— Material shown —
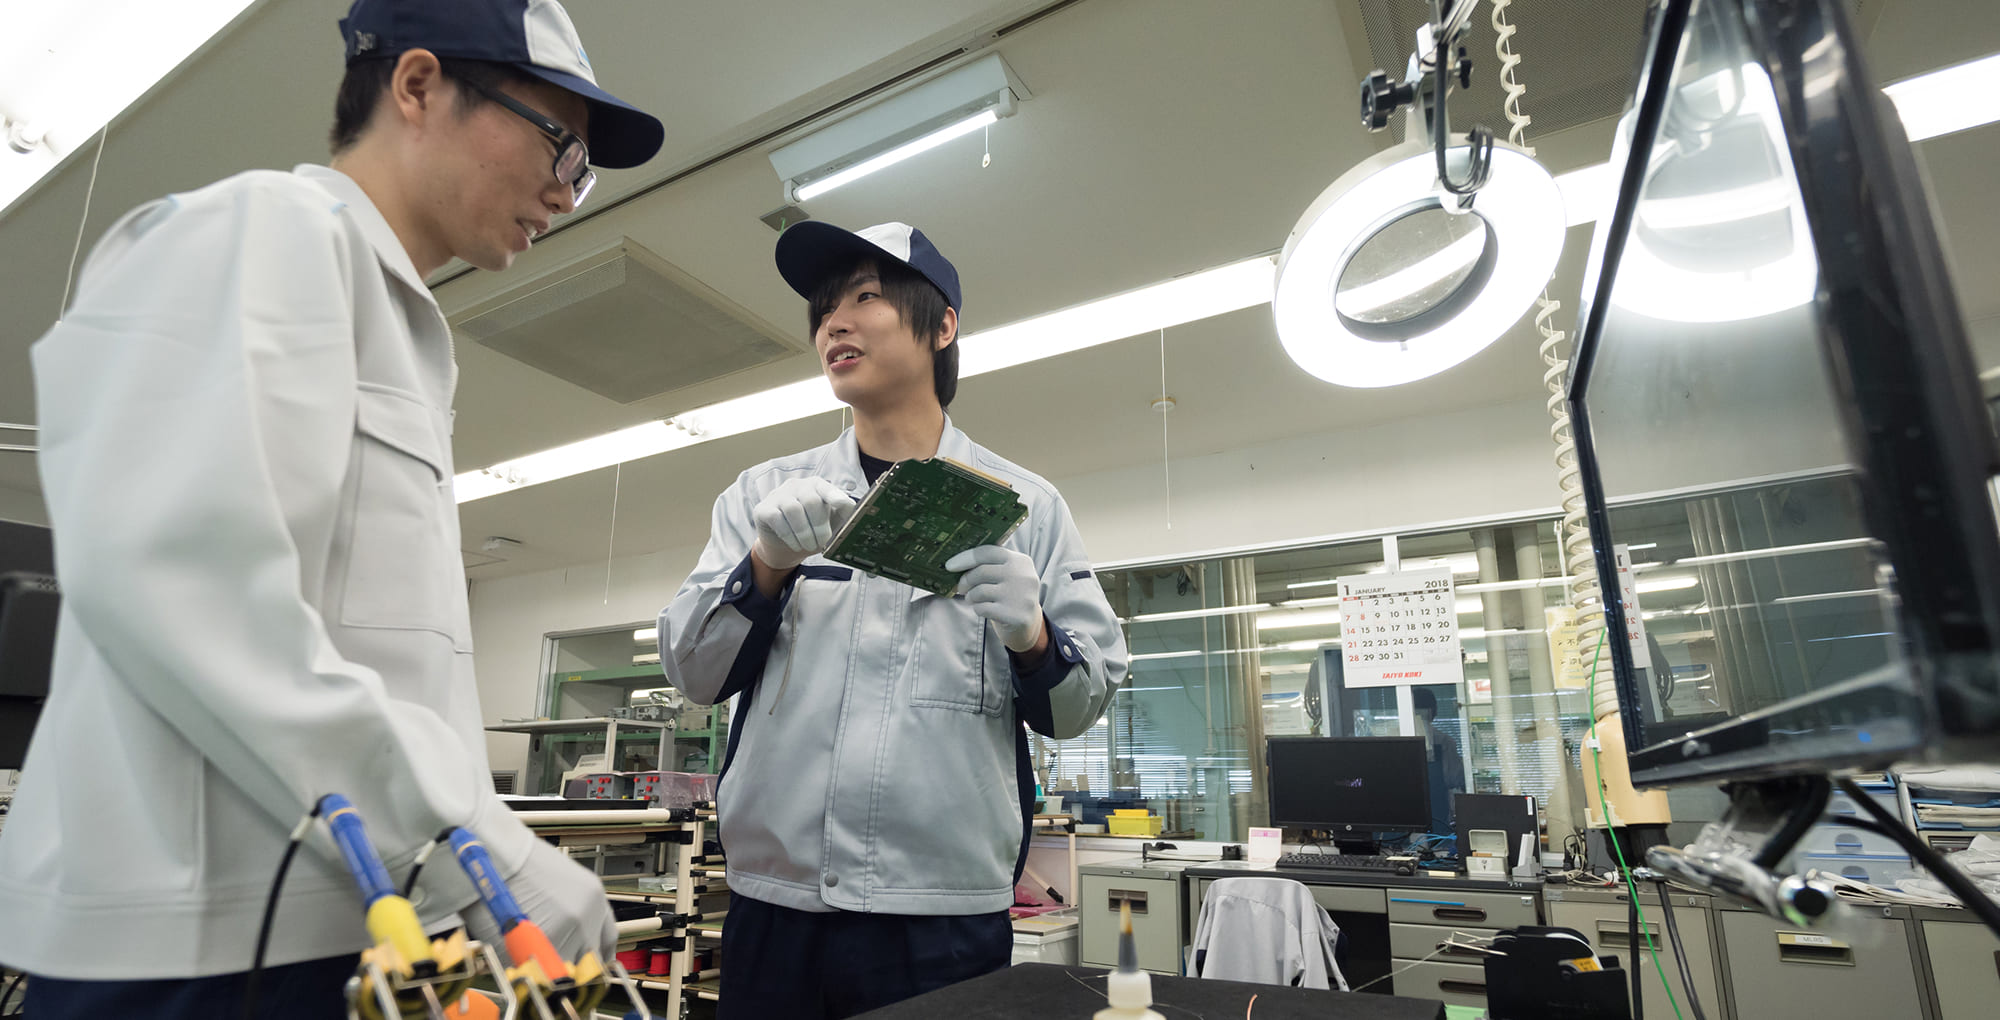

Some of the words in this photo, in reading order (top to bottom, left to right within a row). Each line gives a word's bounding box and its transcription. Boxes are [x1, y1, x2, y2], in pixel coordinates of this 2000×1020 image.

[1343, 585, 1350, 596] 1
[1355, 587, 1386, 595] JANUARY
[1424, 580, 1449, 589] 2018
[1436, 607, 1446, 615] 13
[1438, 621, 1449, 629] 20
[1362, 640, 1373, 648] 22
[1363, 654, 1374, 662] 29
[1378, 653, 1389, 661] 30
[1393, 652, 1403, 660] 31
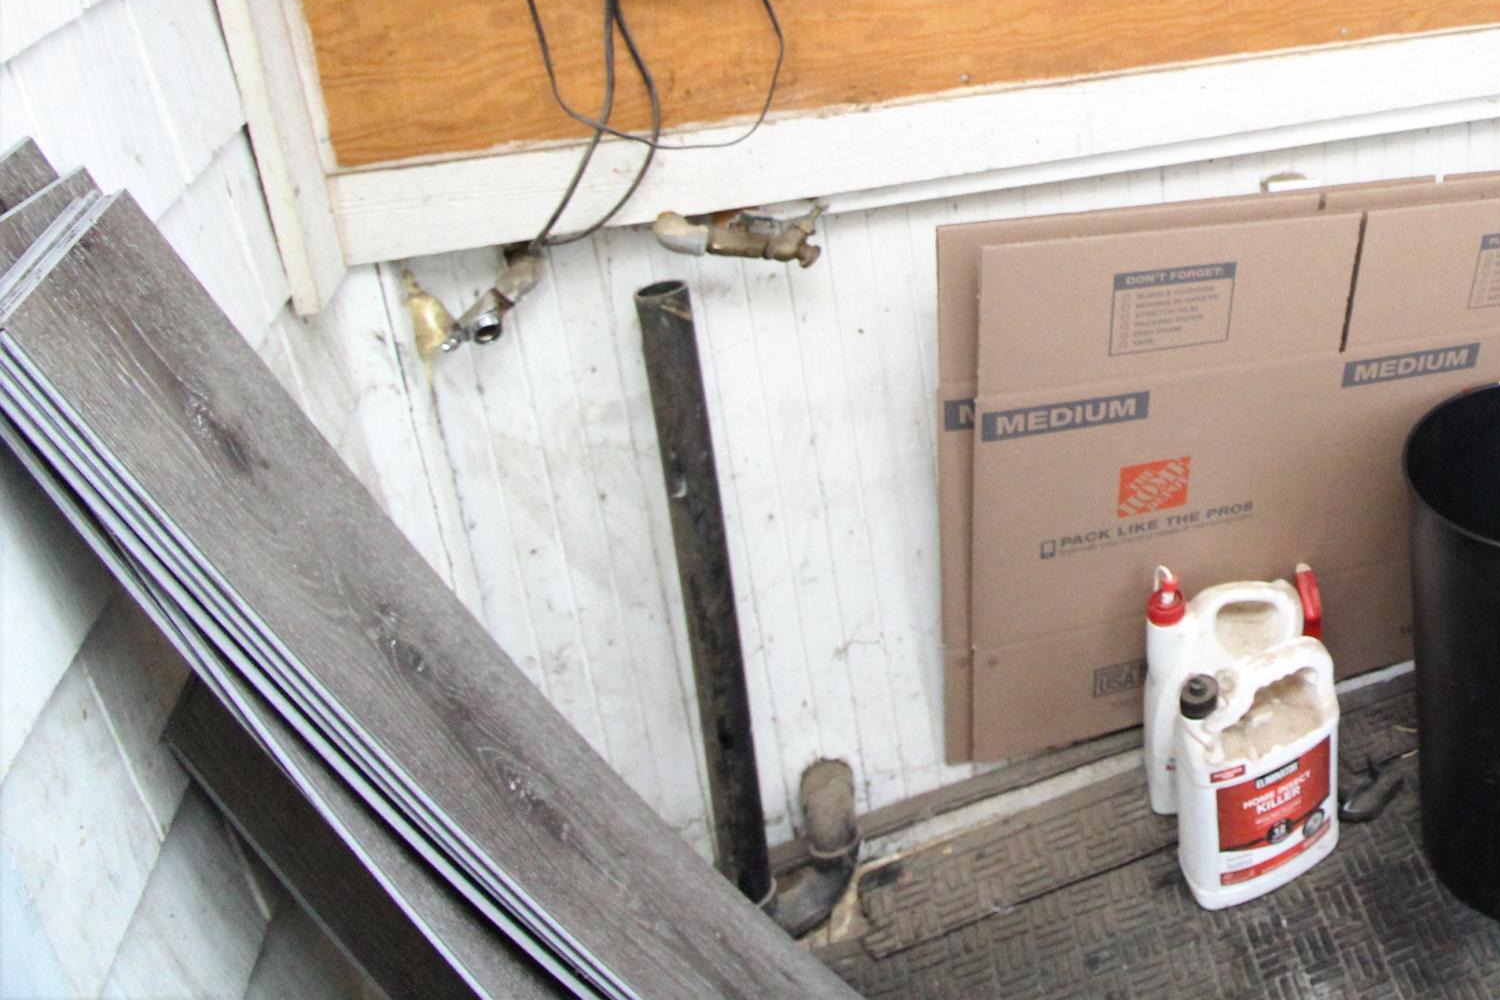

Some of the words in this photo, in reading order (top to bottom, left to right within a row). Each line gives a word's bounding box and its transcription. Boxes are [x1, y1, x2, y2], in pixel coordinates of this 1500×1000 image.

[1125, 272, 1166, 285] DON'T
[1354, 349, 1468, 382] MEDIUM
[995, 398, 1137, 436] MEDIUM
[1060, 529, 1110, 547] PACK
[1117, 519, 1159, 536] LIKE
[1167, 512, 1200, 527] THE
[1206, 501, 1253, 519] PROS
[1255, 784, 1301, 814] KILLER

— Activity —
Your copy of the entries above must be exact and must not include pictures.

— Task output —
Some of the words in this photo, in reading order (top to bottom, left to right within a row). Each line gives a word's bounding box and its transcription. Boxes are [x1, y1, x2, y2], in pixel coordinates of this 2000×1020 image.

[1343, 585, 1350, 596] 1
[1355, 587, 1386, 595] JANUARY
[1424, 580, 1449, 589] 2018
[1436, 607, 1446, 615] 13
[1438, 621, 1449, 629] 20
[1362, 640, 1373, 648] 22
[1363, 654, 1374, 662] 29
[1378, 653, 1389, 661] 30
[1393, 652, 1403, 660] 31

Some of the words in this photo, in reading order (top to bottom, left to right within a row). Each line gives a word's bounding box and its transcription. Boxes are [x1, y1, x2, y2], in pixel coordinates of this 1500×1000 image.

[1125, 272, 1166, 285] DON'T
[1354, 349, 1468, 382] MEDIUM
[995, 398, 1137, 436] MEDIUM
[1060, 529, 1110, 547] PACK
[1117, 519, 1159, 536] LIKE
[1167, 512, 1200, 527] THE
[1206, 501, 1253, 519] PROS
[1255, 784, 1301, 814] KILLER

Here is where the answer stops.